Deyu Zou, Yongqiang Chen, Fan Feng, Mufei Li, Pan Li, Yu Gong, James Cheng

Abstract

Reinforcement learning (RL) with outcome-based rewards has achieved significant success in training large language model (LLM) agents for complex reasoning tasks. However, in active reasoning where agents need to strategically ask questions to acquire task-relevant information, we find that LLM agents trained with RL often suffer from information self-locking: the agent ceases to ask informative questions and struggles to internalize already-obtained information.

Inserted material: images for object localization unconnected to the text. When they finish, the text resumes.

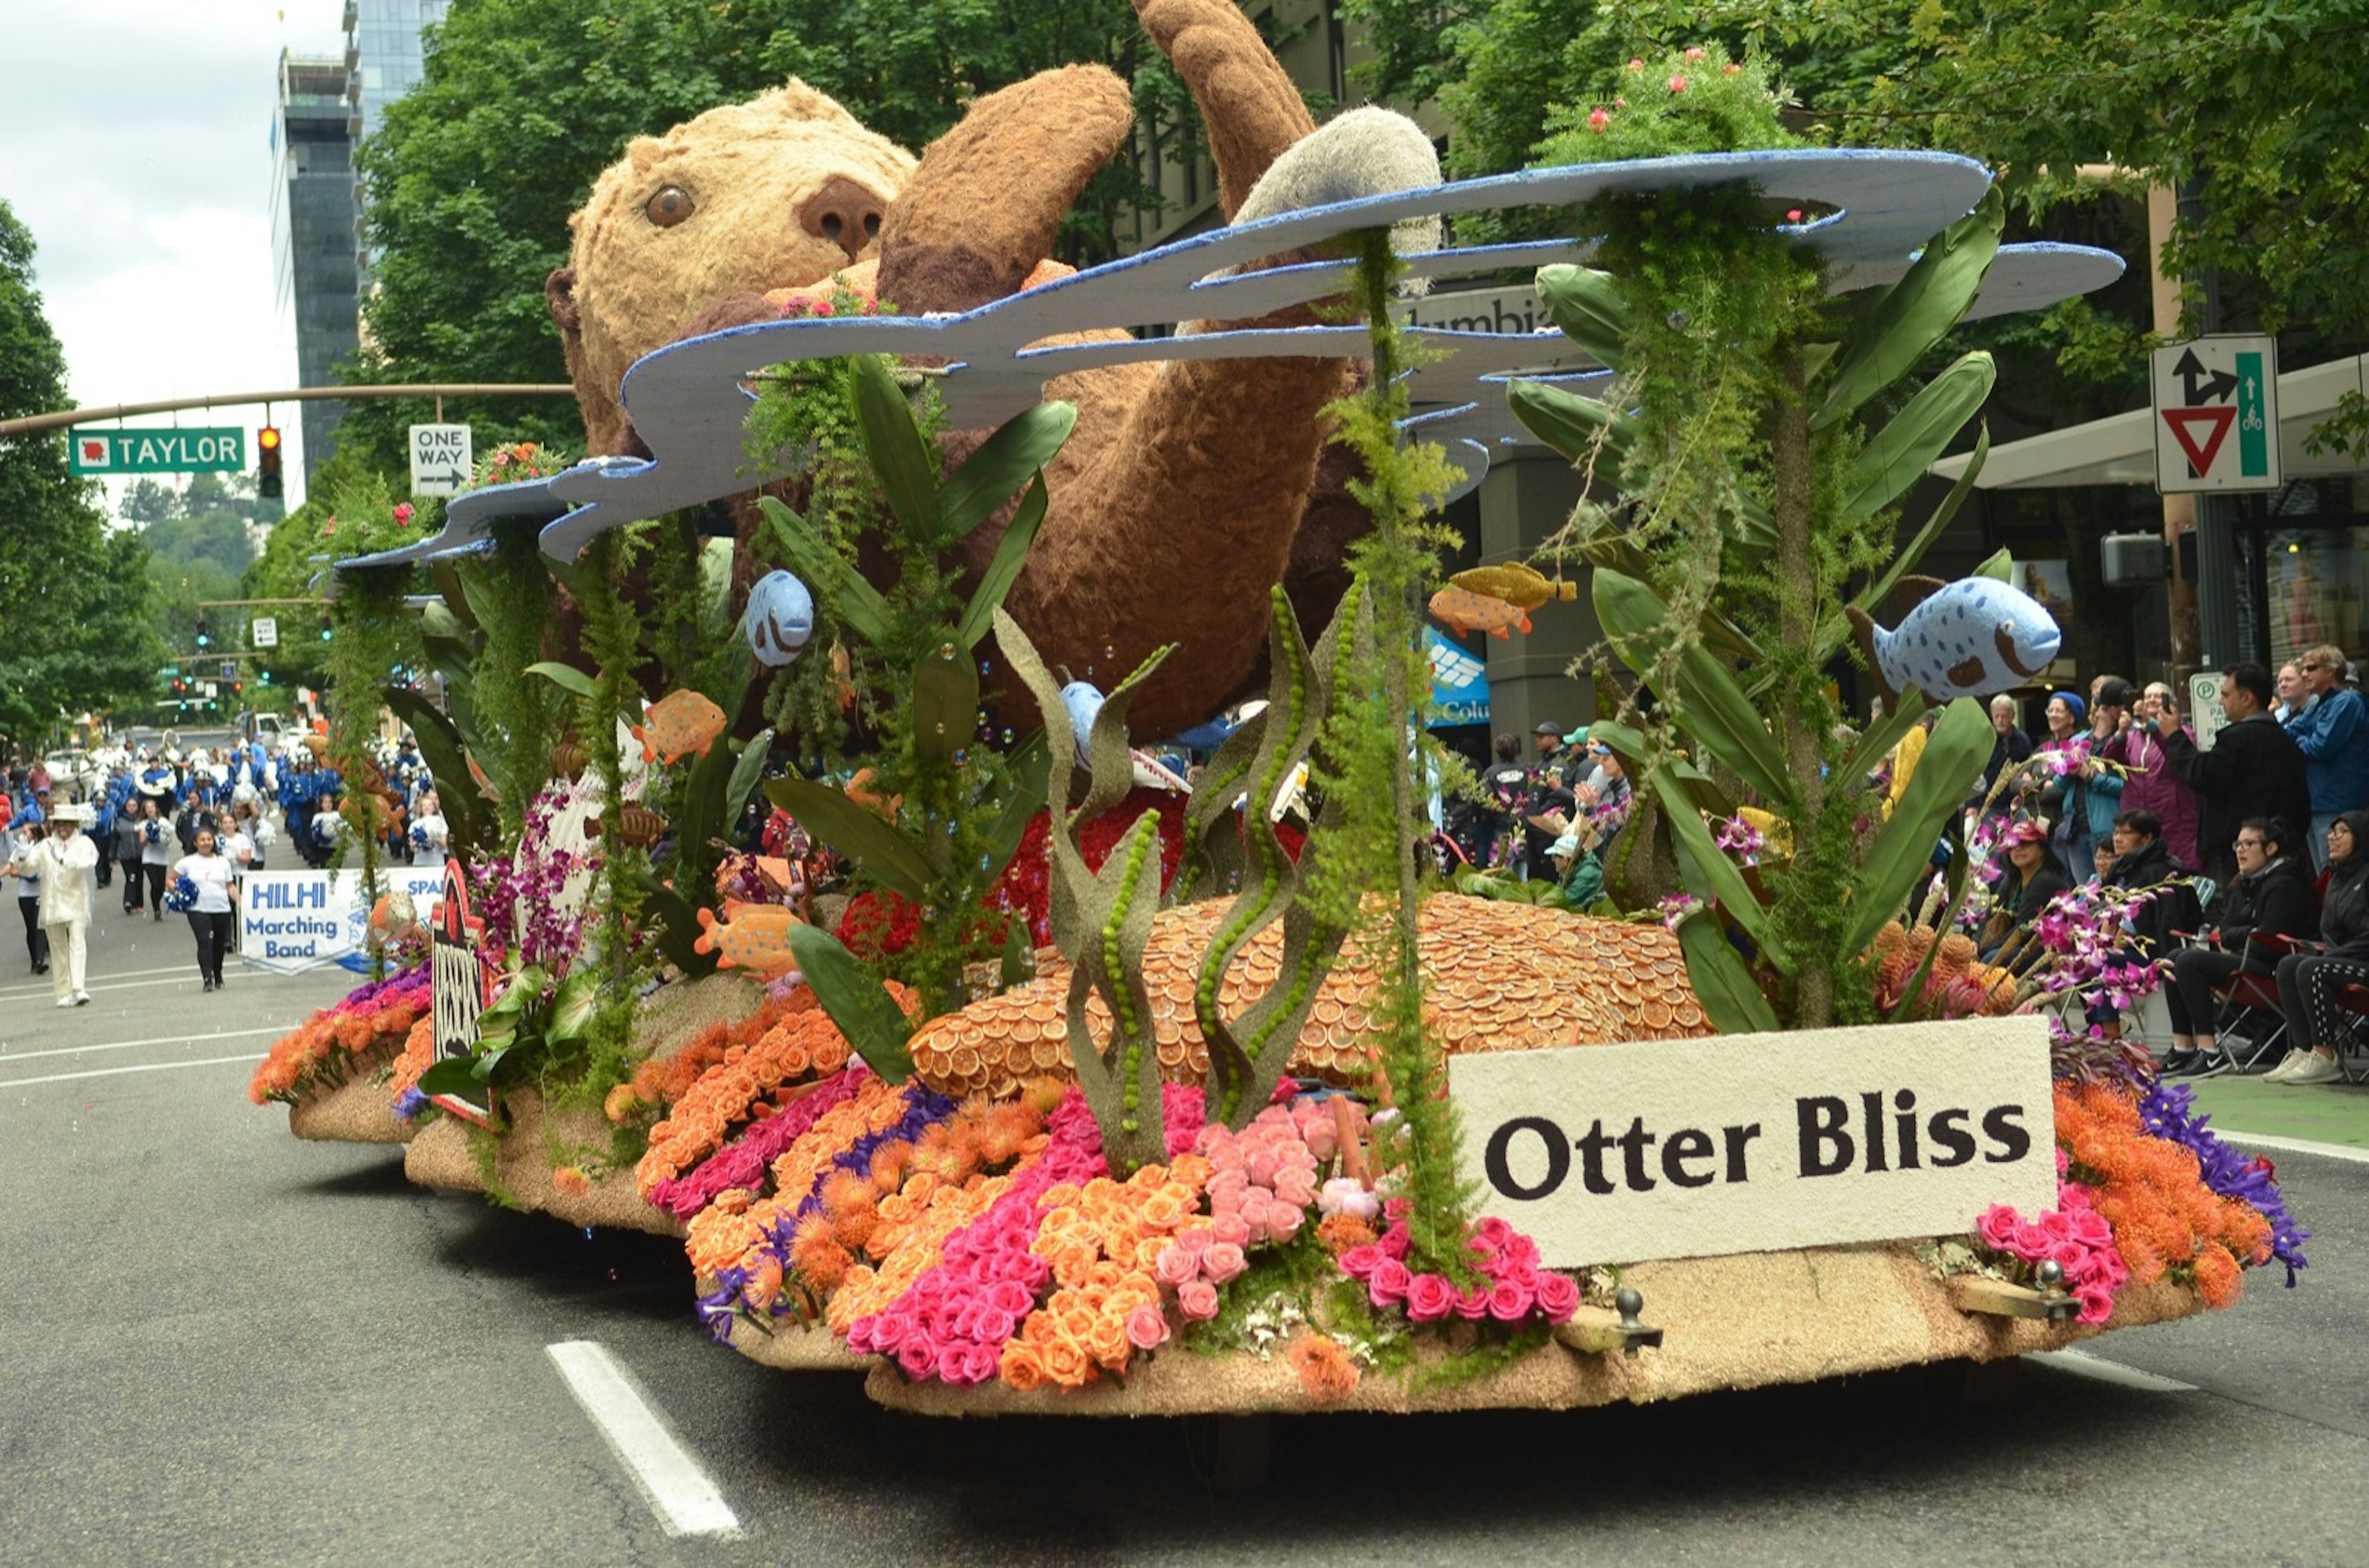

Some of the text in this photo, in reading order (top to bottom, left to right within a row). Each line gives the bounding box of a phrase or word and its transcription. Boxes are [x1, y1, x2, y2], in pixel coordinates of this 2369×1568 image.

[419, 431, 462, 447] ONE
[118, 437, 238, 464] TAYLOR
[418, 450, 463, 464] WAY
[1442, 700, 1490, 722] Colu
[2210, 708, 2223, 716] PA
[252, 881, 326, 909] HILHI
[246, 916, 337, 939] Marching
[265, 939, 316, 958] Band
[1484, 1088, 2031, 1202] Otter Bliss
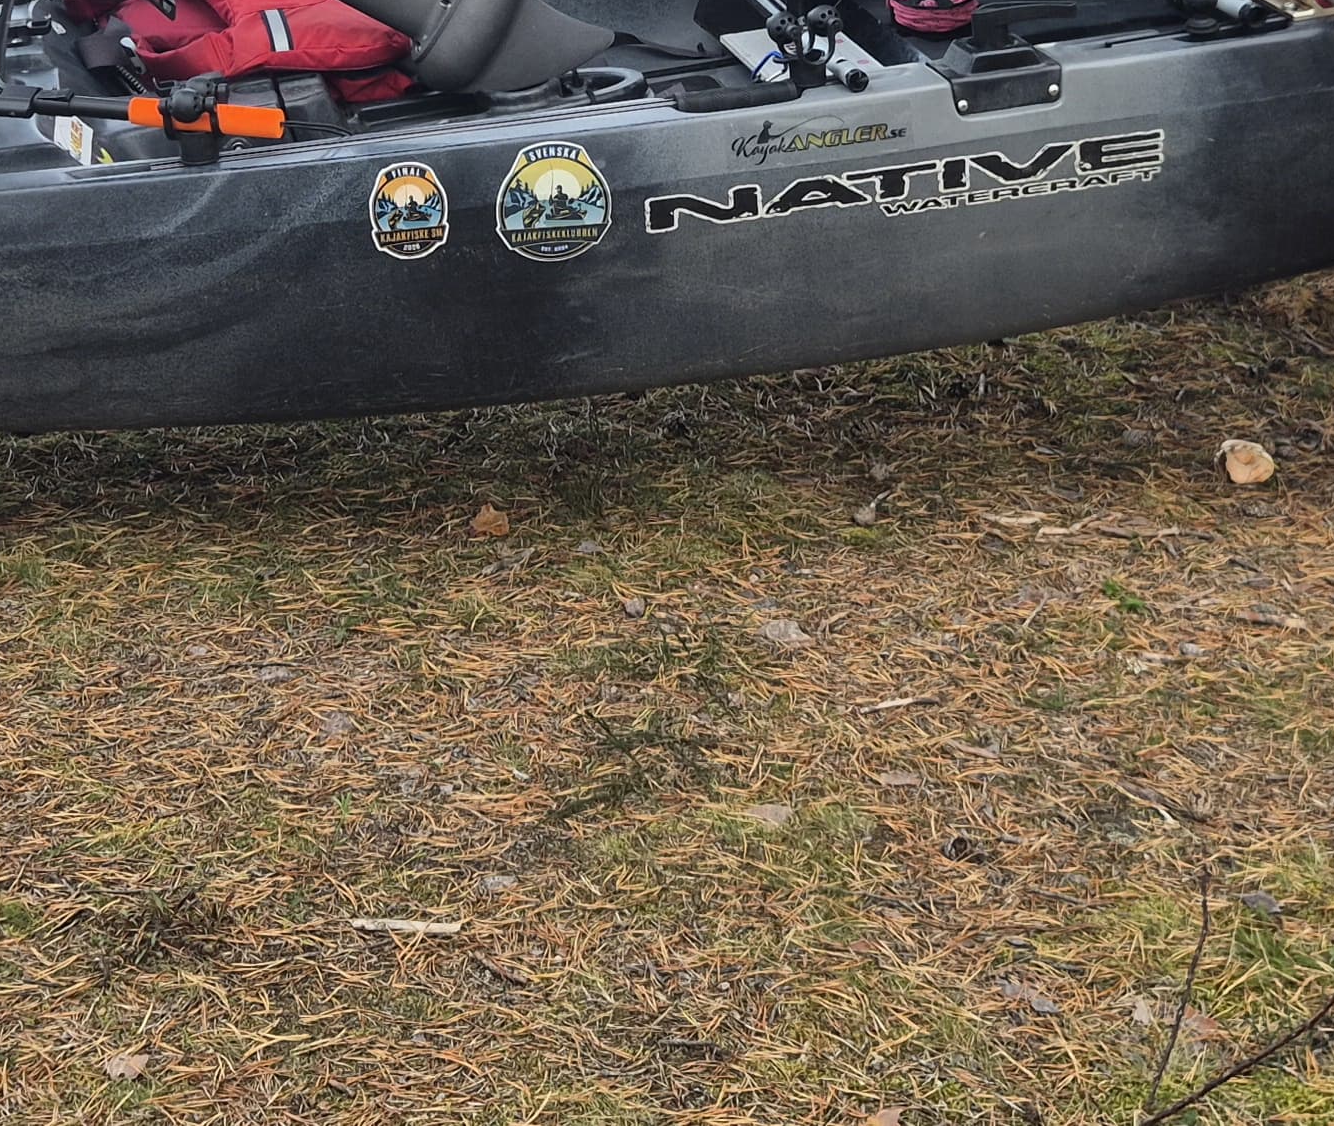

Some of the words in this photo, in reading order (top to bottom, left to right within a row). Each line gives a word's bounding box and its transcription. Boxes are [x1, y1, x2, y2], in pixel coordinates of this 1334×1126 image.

[529, 146, 578, 162] SVENSKA
[391, 167, 421, 178] FINAL
[645, 128, 1166, 234] NATIVE
[880, 166, 1163, 218] WATERCRAFT
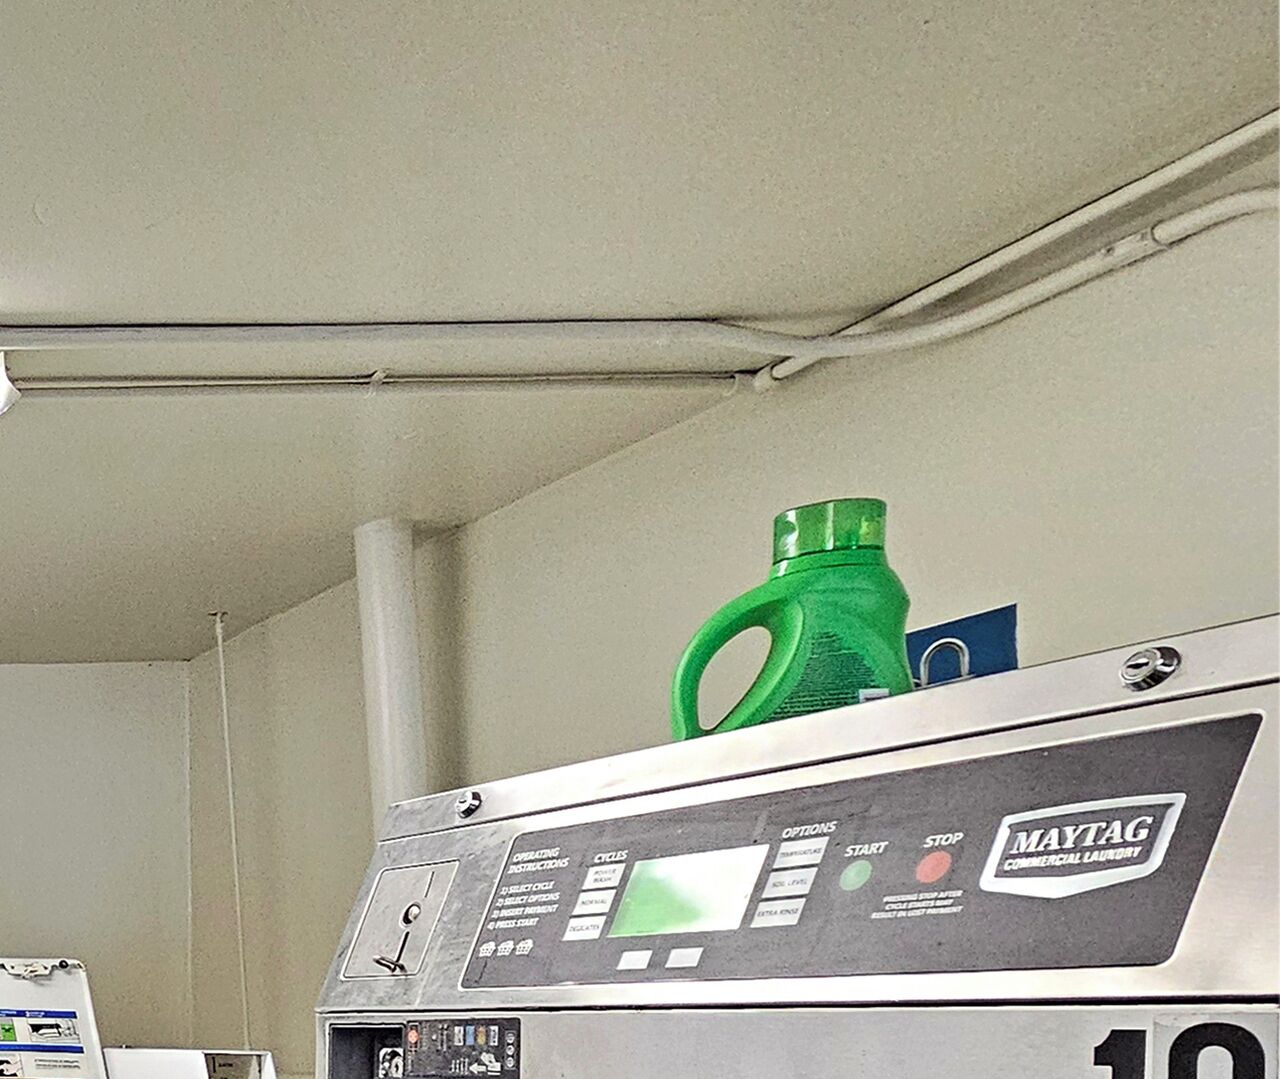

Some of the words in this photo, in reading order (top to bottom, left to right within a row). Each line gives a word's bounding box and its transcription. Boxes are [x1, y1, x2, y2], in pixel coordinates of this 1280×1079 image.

[782, 821, 838, 838] OPTIONS
[1009, 816, 1154, 855] MAYTAG
[923, 832, 964, 848] STOP
[513, 847, 560, 862] OPERATING
[594, 850, 628, 863] CYCLES
[844, 841, 889, 857] START
[507, 857, 570, 874] INSTRUCTIONS
[1003, 852, 1081, 871] COMMERCIAL
[1083, 846, 1143, 864] LAUNDRY
[508, 884, 533, 894] SELECT
[532, 881, 555, 890] CYCLE
[504, 896, 528, 905] SELECT
[528, 892, 560, 902] OPTIONS
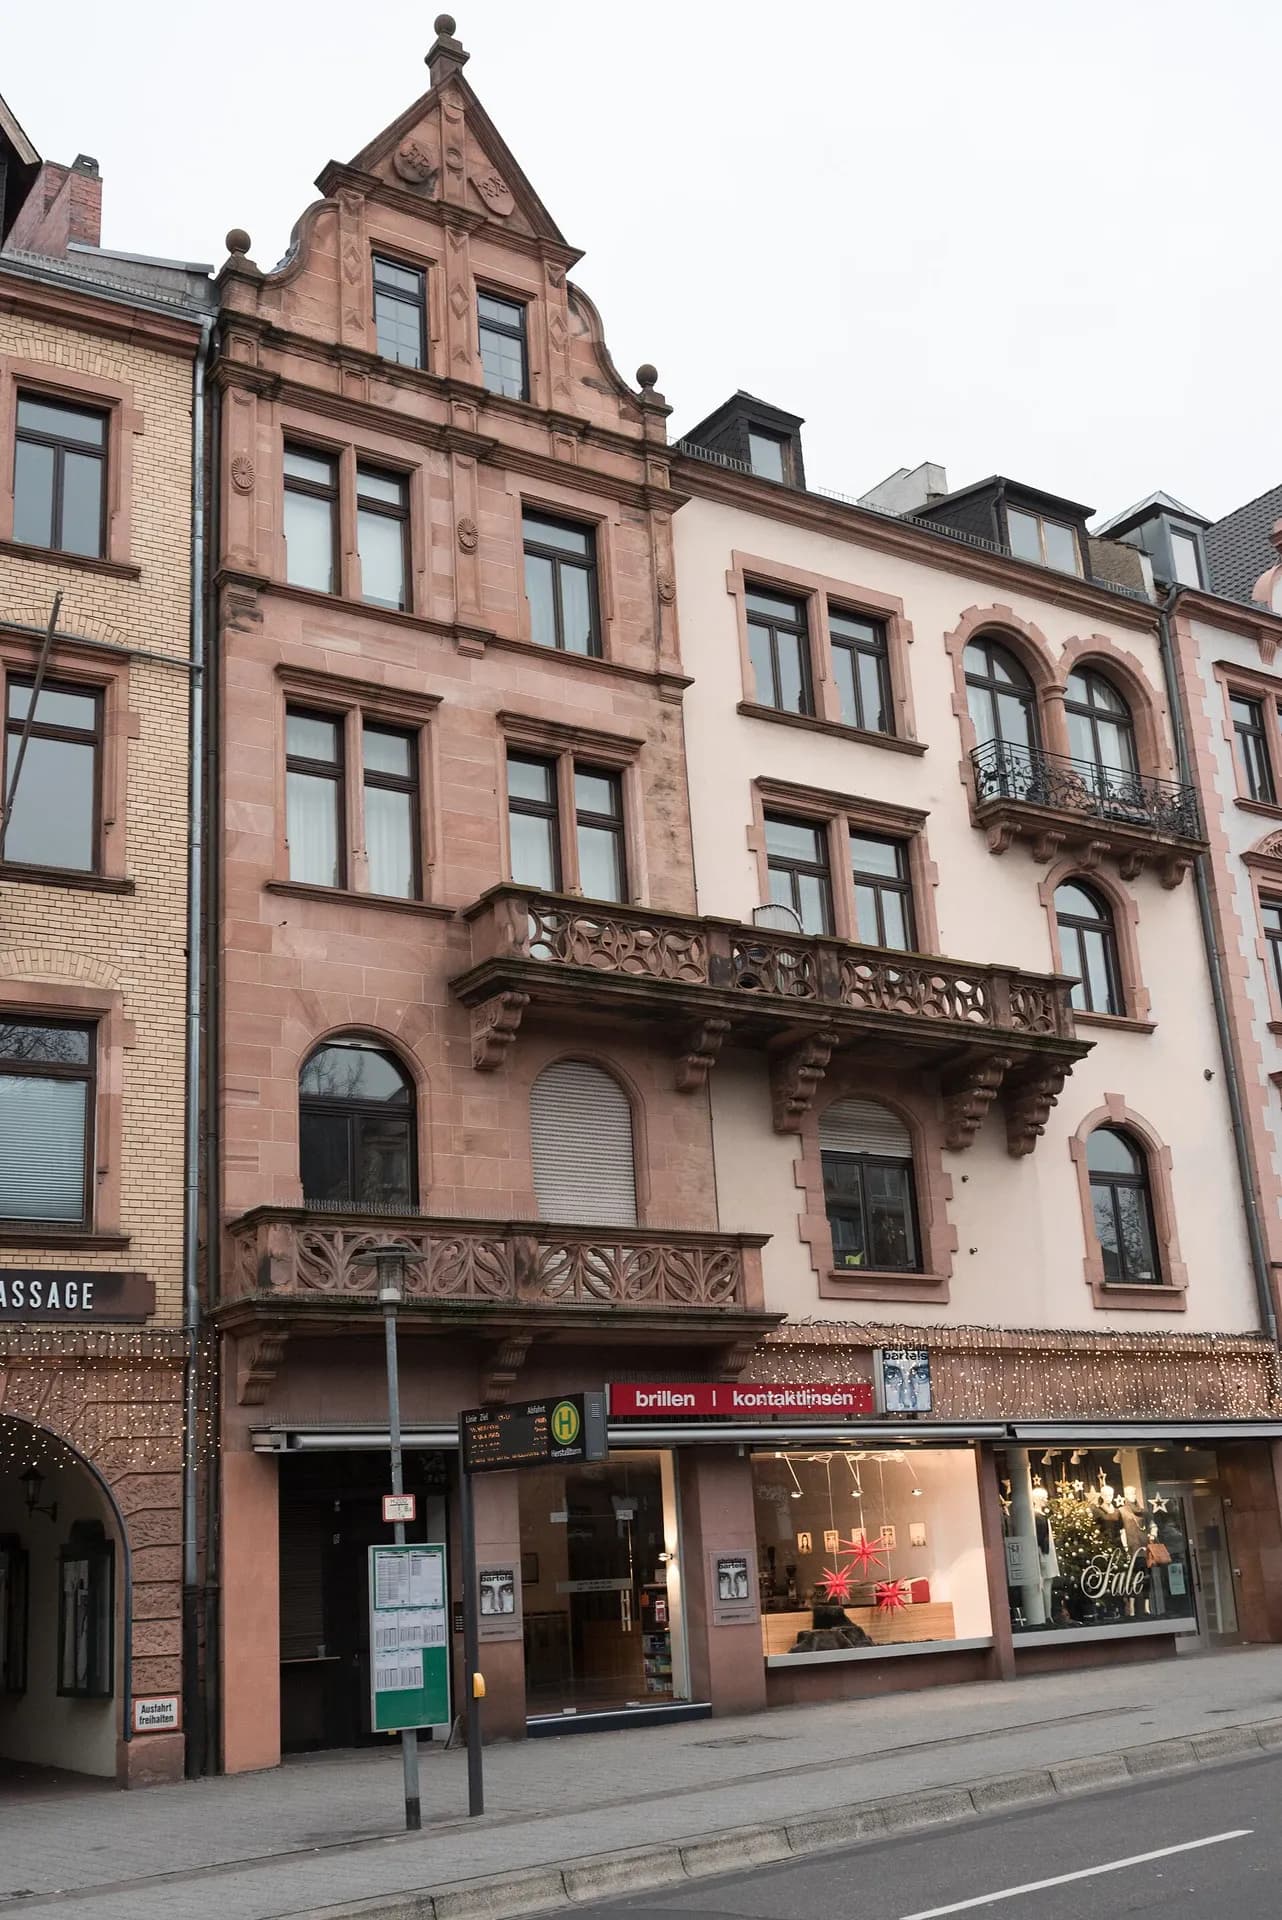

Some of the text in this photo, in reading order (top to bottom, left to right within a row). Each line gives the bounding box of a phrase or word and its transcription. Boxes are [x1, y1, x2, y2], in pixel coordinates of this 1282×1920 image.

[882, 1342, 928, 1351] christian
[883, 1347, 928, 1360] bartels
[635, 1389, 854, 1407] brillen kontaktlinsen
[559, 1410, 572, 1436] H
[1081, 1547, 1146, 1598] Sale
[141, 1704, 172, 1713] Ausfahrt
[139, 1715, 174, 1725] freihalten

To understand the phenomenon, we decompose active reasoning into two core capabilities: Action Selection (AS), which determines the observation stream through queries, and Belief Tracking (BT), which updates the agent's belief based on collected evidence. We show that deficient AS and BT capabilities will limit the information exploration during RL training. Furthermore, insufficient exploration in turn hinders the improvement of AS and BT, creating a feedback loop that locks the agent in a low-information regime. To resolve the issue, we propose a simple yet effective approach that reallocates the learning signal by injecting easy- to-obtain directional critiques to help the agent escape self-locking. Extensive experiments with 7 datasets show that our approach significantly mitigates the information self-locking, bringing up to 60% improvements.